(Data supplied)

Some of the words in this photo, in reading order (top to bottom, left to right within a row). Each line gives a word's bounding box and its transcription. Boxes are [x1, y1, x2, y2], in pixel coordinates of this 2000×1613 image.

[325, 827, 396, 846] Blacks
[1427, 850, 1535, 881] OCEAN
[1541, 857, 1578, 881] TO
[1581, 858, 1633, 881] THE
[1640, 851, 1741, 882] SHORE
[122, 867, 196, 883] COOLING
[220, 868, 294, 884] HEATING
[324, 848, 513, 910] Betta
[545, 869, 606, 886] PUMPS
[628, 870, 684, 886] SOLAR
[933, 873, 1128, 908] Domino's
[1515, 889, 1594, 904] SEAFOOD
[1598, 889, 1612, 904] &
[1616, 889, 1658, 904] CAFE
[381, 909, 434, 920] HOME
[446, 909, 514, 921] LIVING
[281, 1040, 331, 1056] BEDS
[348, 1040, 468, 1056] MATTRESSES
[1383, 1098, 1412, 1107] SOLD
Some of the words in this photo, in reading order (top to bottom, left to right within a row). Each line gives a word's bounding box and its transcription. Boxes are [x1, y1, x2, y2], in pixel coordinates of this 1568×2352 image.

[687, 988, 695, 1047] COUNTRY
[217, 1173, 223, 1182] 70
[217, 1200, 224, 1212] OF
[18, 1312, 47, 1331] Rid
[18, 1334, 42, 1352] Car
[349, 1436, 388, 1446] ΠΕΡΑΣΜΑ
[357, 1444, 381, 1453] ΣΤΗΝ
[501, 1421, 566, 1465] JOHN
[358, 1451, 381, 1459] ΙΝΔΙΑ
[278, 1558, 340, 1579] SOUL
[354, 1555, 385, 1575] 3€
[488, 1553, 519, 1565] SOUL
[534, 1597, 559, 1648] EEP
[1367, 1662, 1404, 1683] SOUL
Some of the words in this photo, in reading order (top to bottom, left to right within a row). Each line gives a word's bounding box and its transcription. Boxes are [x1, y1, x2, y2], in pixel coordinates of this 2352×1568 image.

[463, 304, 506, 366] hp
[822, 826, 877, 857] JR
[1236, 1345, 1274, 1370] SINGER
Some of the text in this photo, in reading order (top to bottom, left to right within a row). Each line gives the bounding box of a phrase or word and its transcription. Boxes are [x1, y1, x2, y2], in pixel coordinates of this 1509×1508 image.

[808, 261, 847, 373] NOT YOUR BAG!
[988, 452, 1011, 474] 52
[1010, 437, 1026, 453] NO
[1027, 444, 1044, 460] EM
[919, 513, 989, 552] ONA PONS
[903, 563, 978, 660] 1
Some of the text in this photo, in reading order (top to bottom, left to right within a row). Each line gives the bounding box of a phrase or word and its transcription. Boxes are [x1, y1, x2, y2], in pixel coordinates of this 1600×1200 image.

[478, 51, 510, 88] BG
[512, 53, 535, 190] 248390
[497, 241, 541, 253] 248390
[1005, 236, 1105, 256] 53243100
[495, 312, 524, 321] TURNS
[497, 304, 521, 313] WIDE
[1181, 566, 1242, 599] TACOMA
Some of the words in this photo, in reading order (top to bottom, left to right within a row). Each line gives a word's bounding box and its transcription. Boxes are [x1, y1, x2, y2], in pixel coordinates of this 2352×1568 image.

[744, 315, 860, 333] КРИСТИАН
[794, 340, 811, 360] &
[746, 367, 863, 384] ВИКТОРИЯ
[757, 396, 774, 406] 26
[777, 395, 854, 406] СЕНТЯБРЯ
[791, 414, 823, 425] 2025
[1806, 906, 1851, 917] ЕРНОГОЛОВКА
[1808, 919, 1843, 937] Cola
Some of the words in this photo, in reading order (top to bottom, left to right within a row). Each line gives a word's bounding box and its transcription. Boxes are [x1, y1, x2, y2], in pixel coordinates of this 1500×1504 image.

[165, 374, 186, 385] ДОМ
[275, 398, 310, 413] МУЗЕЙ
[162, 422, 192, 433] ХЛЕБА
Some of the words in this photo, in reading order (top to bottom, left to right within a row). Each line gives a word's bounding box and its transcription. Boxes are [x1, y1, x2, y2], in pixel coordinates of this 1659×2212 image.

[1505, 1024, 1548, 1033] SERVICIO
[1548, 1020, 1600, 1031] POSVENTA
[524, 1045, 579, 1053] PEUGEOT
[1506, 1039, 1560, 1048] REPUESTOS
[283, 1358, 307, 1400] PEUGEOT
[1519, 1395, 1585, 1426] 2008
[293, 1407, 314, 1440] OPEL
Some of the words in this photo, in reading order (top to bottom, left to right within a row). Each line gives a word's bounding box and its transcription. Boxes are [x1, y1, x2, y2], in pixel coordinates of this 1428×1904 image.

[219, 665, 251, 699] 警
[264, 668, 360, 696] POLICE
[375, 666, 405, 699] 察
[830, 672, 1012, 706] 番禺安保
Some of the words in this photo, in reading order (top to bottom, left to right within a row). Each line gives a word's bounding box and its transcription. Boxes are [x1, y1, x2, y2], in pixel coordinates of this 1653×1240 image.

(End Data supplied)

• **What you need to do**:
Word for word, restate all of the records.

• **Exercise solution**:
Some of the words in this photo, in reading order (top to bottom, left to right within a row). Each line gives a word's bounding box and its transcription. Boxes are [x1, y1, x2, y2], in pixel coordinates of this 2000×1613 image.

[325, 827, 396, 846] Blacks
[1427, 850, 1535, 881] OCEAN
[1541, 857, 1578, 881] TO
[1581, 858, 1633, 881] THE
[1640, 851, 1741, 882] SHORE
[122, 867, 196, 883] COOLING
[220, 868, 294, 884] HEATING
[324, 848, 513, 910] Betta
[545, 869, 606, 886] PUMPS
[628, 870, 684, 886] SOLAR
[933, 873, 1128, 908] Domino's
[1515, 889, 1594, 904] SEAFOOD
[1598, 889, 1612, 904] &
[1616, 889, 1658, 904] CAFE
[381, 909, 434, 920] HOME
[446, 909, 514, 921] LIVING
[281, 1040, 331, 1056] BEDS
[348, 1040, 468, 1056] MATTRESSES
[1383, 1098, 1412, 1107] SOLD
Some of the words in this photo, in reading order (top to bottom, left to right within a row). Each line gives a word's bounding box and its transcription. Boxes are [x1, y1, x2, y2], in pixel coordinates of this 1568×2352 image.

[687, 988, 695, 1047] COUNTRY
[217, 1173, 223, 1182] 70
[217, 1200, 224, 1212] OF
[18, 1312, 47, 1331] Rid
[18, 1334, 42, 1352] Car
[349, 1436, 388, 1446] ΠΕΡΑΣΜΑ
[357, 1444, 381, 1453] ΣΤΗΝ
[501, 1421, 566, 1465] JOHN
[358, 1451, 381, 1459] ΙΝΔΙΑ
[278, 1558, 340, 1579] SOUL
[354, 1555, 385, 1575] 3€
[488, 1553, 519, 1565] SOUL
[534, 1597, 559, 1648] EEP
[1367, 1662, 1404, 1683] SOUL
Some of the words in this photo, in reading order (top to bottom, left to right within a row). Each line gives a word's bounding box and its transcription. Boxes are [x1, y1, x2, y2], in pixel coordinates of this 2352×1568 image.

[463, 304, 506, 366] hp
[822, 826, 877, 857] JR
[1236, 1345, 1274, 1370] SINGER
Some of the text in this photo, in reading order (top to bottom, left to right within a row). Each line gives the bounding box of a phrase or word and its transcription. Boxes are [x1, y1, x2, y2], in pixel coordinates of this 1509×1508 image.

[808, 261, 847, 373] NOT YOUR BAG!
[988, 452, 1011, 474] 52
[1010, 437, 1026, 453] NO
[1027, 444, 1044, 460] EM
[919, 513, 989, 552] ONA PONS
[903, 563, 978, 660] 1
Some of the text in this photo, in reading order (top to bottom, left to right within a row). Each line gives the bounding box of a phrase or word and its transcription. Boxes are [x1, y1, x2, y2], in pixel coordinates of this 1600×1200 image.

[478, 51, 510, 88] BG
[512, 53, 535, 190] 248390
[497, 241, 541, 253] 248390
[1005, 236, 1105, 256] 53243100
[495, 312, 524, 321] TURNS
[497, 304, 521, 313] WIDE
[1181, 566, 1242, 599] TACOMA
Some of the words in this photo, in reading order (top to bottom, left to right within a row). Each line gives a word's bounding box and its transcription. Boxes are [x1, y1, x2, y2], in pixel coordinates of this 2352×1568 image.

[744, 315, 860, 333] КРИСТИАН
[794, 340, 811, 360] &
[746, 367, 863, 384] ВИКТОРИЯ
[757, 396, 774, 406] 26
[777, 395, 854, 406] СЕНТЯБРЯ
[791, 414, 823, 425] 2025
[1806, 906, 1851, 917] ЕРНОГОЛОВКА
[1808, 919, 1843, 937] Cola
Some of the words in this photo, in reading order (top to bottom, left to right within a row). Each line gives a word's bounding box and its transcription. Boxes are [x1, y1, x2, y2], in pixel coordinates of this 1500×1504 image.

[165, 374, 186, 385] ДОМ
[275, 398, 310, 413] МУЗЕЙ
[162, 422, 192, 433] ХЛЕБА
Some of the words in this photo, in reading order (top to bottom, left to right within a row). Each line gives a word's bounding box and its transcription. Boxes are [x1, y1, x2, y2], in pixel coordinates of this 1659×2212 image.

[1505, 1024, 1548, 1033] SERVICIO
[1548, 1020, 1600, 1031] POSVENTA
[524, 1045, 579, 1053] PEUGEOT
[1506, 1039, 1560, 1048] REPUESTOS
[283, 1358, 307, 1400] PEUGEOT
[1519, 1395, 1585, 1426] 2008
[293, 1407, 314, 1440] OPEL
Some of the words in this photo, in reading order (top to bottom, left to right within a row). Each line gives a word's bounding box and its transcription. Boxes are [x1, y1, x2, y2], in pixel coordinates of this 1428×1904 image.

[219, 665, 251, 699] 警
[264, 668, 360, 696] POLICE
[375, 666, 405, 699] 察
[830, 672, 1012, 706] 番禺安保
Some of the words in this photo, in reading order (top to bottom, left to right within a row). Each line gives a word's bounding box and its transcription. Boxes are [x1, y1, x2, y2], in pixel coordinates of this 1653×1240 image.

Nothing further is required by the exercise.